I also think for "younger" (under 40?) people raised on reality TV, and more so instagram, Facebook, now TikTok picture and video based social media there's a, life as reality TV show quality, an unspoken performance and need to make our lives seem perfect for an unseen (and not real) audience, and also to be seen as having the right views, but living in quick sand where liking or using anything could become a problem at any point and having to keep up endlessly.

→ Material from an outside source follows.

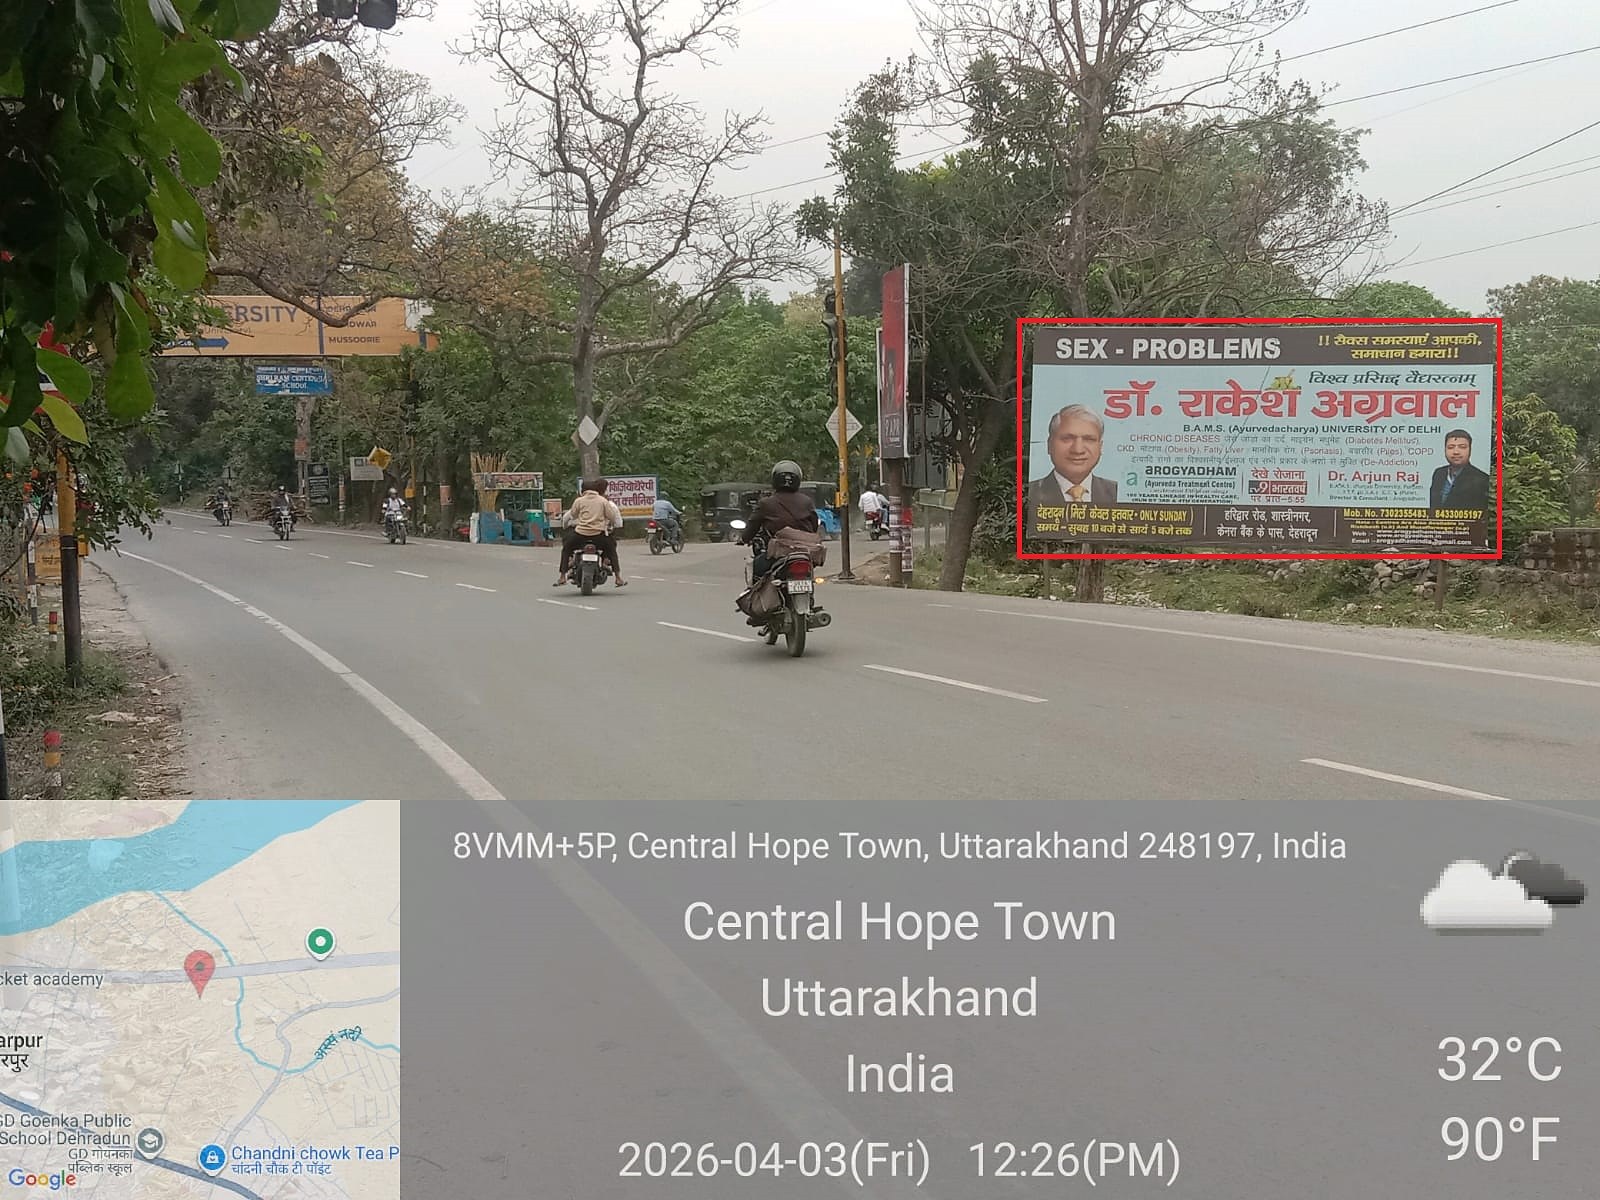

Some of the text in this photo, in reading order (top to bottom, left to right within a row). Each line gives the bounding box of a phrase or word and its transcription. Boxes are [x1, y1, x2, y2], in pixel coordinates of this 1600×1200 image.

I also think this is intensely anxiety producing and also just debilitating, I don't think you can DO anything good in the world with that mindset
final thought: I've said for awhile I think why you see so many people declaring the economy is bad, regularly saying its historically, Great Depression levels bad, when it is in fact really good, as near to full employment as we've ever had lots of great economic indicators is left over Covid trauma.
We all went through a scary, sad, upsetting time in our lives. But because we ALL did if nothing happened to you particularly, you didn't get hospitalized, don't have long Covid, no one you're close with died and you couldn't be there for them, it might feel like "nothing" happened. So people are reaching for a "logical" reason for that edgy, sad, nervous, upset, unhappy feeling they can't get rid of. Normally that comes from economic anxiety, fear of not having enough money, or losing a job etc. So many people are reporting that they think the national economy is terrible while saying they think they themselves are doing well, that their local or state economy (that they see an interact with) is doing good, while the nation is doing bad, somehow. People are spending like they're doing well as well, never had it so good, never felt so bad.
I suspect its because we're all still dealing with Covid feelings, and thanks to social media, the death of common spaces, political radicalization, we never really came together and drew a line under Covid, it just kinda sputtered out and we slowly went back to our lives like nothing happened.